Your copy should match the entries below exactly, apart from the images.

▶ **Annotated photo localization data**
******************************

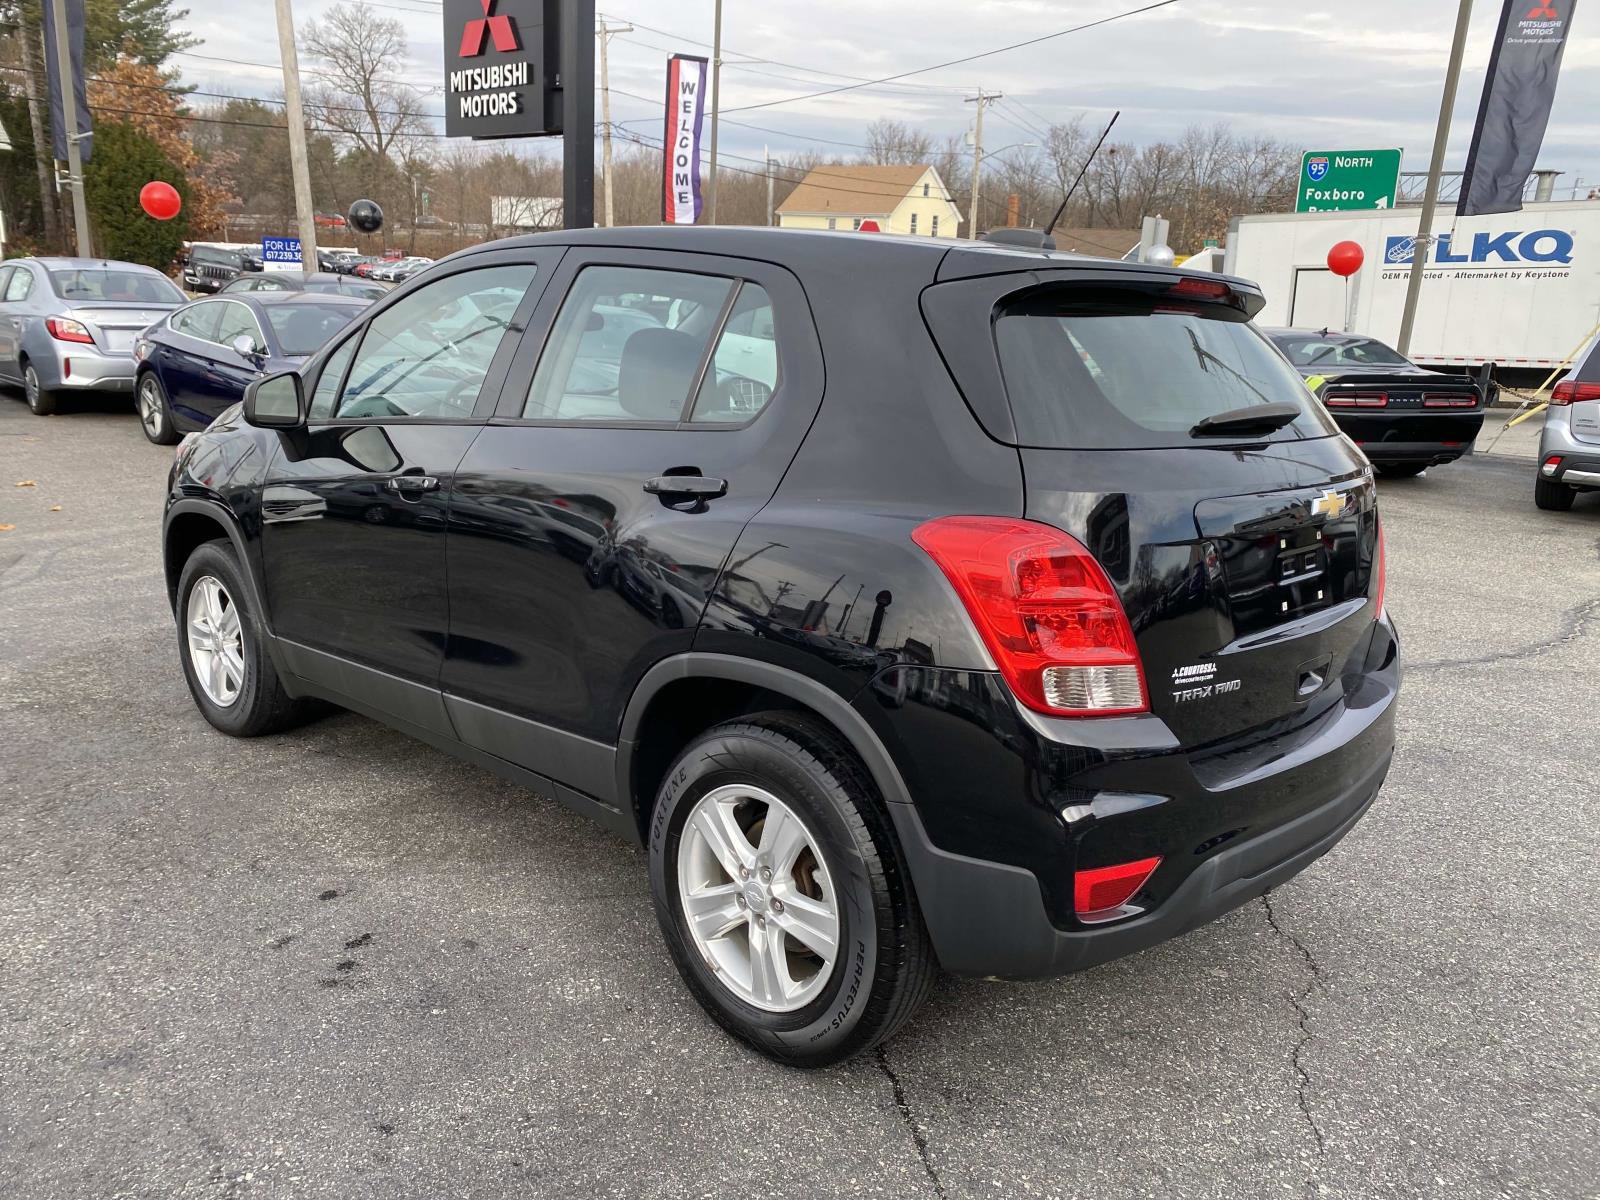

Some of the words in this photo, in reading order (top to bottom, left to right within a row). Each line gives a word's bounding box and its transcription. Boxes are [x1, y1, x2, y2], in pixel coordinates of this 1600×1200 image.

[1518, 20, 1562, 28] MITSUBISHI
[450, 61, 528, 93] MITSUBISHI
[460, 91, 518, 118] MOTORS
[675, 81, 696, 204] WELCOME
[1311, 163, 1325, 175] 95
[1305, 188, 1365, 200] Foxboro
[265, 240, 284, 250] FOR
[285, 241, 302, 251] LEA
[266, 250, 302, 260] 617.239.36
[1435, 229, 1574, 264] LKQ
[1382, 272, 1401, 280] OEM
[1403, 271, 1443, 280] Rcled
[1454, 271, 1508, 279] Aftermarket
[1511, 271, 1522, 279] by
[1525, 271, 1570, 279] Keystone
[1172, 685, 1213, 703] TRAX
[1215, 679, 1241, 695] AWD
[652, 766, 687, 855] FORTUNE
[831, 940, 865, 1030] PERFECTUS

******************************

▶ **EXERCISE RESULT**
Some of the words in this photo, in reading order (top to bottom, left to right within a row). Each line gives a word's bounding box and its transcription. Boxes are [x1, y1, x2, y2], in pixel coordinates of this 1600×1200 image.

[1518, 20, 1562, 28] MITSUBISHI
[450, 61, 528, 93] MITSUBISHI
[460, 91, 518, 118] MOTORS
[675, 81, 696, 204] WELCOME
[1311, 163, 1325, 175] 95
[1305, 188, 1365, 200] Foxboro
[265, 240, 284, 250] FOR
[285, 241, 302, 251] LEA
[266, 250, 302, 260] 617.239.36
[1435, 229, 1574, 264] LKQ
[1382, 272, 1401, 280] OEM
[1403, 271, 1443, 280] Rcled
[1454, 271, 1508, 279] Aftermarket
[1511, 271, 1522, 279] by
[1525, 271, 1570, 279] Keystone
[1172, 685, 1213, 703] TRAX
[1215, 679, 1241, 695] AWD
[652, 766, 687, 855] FORTUNE
[831, 940, 865, 1030] PERFECTUS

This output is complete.